**Task directions**
The following data is to be repeated exactly, its pictures excluded.

Data items:
####

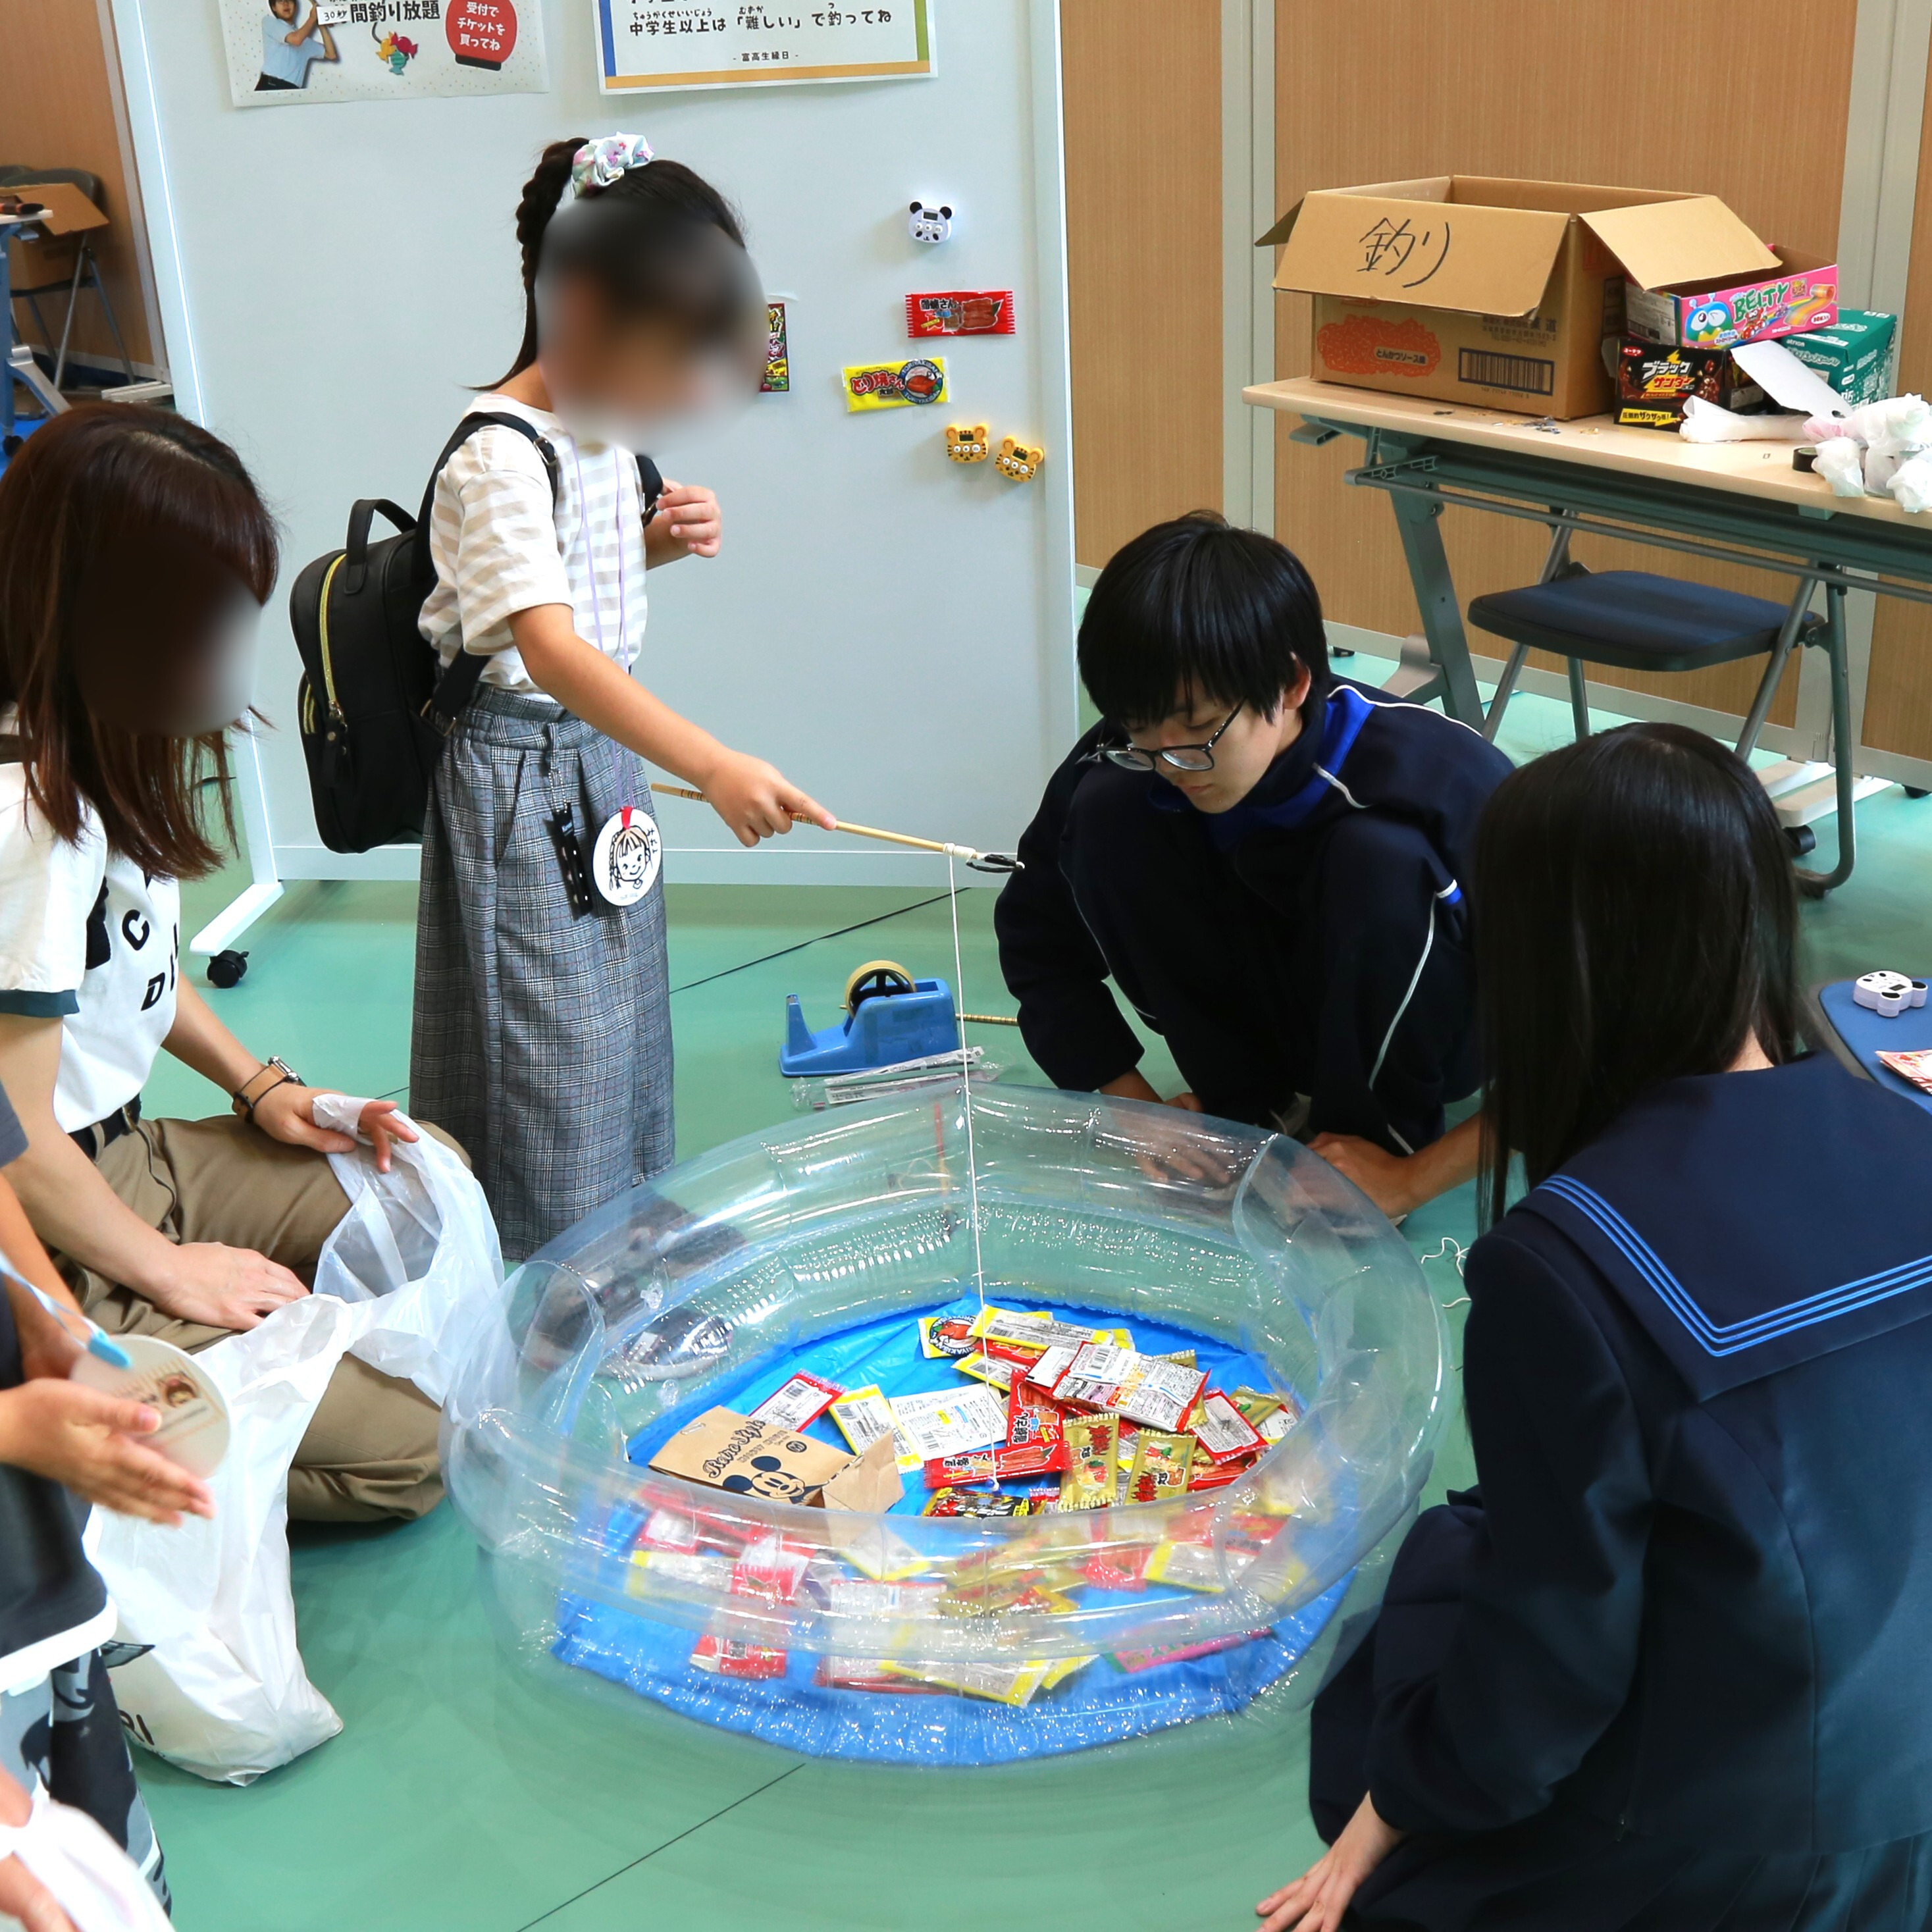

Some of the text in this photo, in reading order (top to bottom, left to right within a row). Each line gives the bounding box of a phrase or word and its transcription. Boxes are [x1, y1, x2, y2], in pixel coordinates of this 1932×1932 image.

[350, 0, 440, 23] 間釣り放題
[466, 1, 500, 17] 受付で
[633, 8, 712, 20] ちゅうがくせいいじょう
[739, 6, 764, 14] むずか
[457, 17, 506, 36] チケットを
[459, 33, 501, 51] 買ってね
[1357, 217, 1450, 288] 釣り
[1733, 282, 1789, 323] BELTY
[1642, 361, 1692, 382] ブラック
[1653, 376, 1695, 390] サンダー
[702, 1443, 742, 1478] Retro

####

**Answer to the exercise**
Some of the text in this photo, in reading order (top to bottom, left to right within a row). Each line gives the bounding box of a phrase or word and its transcription. Boxes are [x1, y1, x2, y2], in pixel coordinates of this 1932×1932 image.

[350, 0, 440, 23] 間釣り放題
[466, 1, 500, 17] 受付で
[633, 8, 712, 20] ちゅうがくせいいじょう
[739, 6, 764, 14] むずか
[457, 17, 506, 36] チケットを
[459, 33, 501, 51] 買ってね
[1357, 217, 1450, 288] 釣り
[1733, 282, 1789, 323] BELTY
[1642, 361, 1692, 382] ブラック
[1653, 376, 1695, 390] サンダー
[702, 1443, 742, 1478] Retro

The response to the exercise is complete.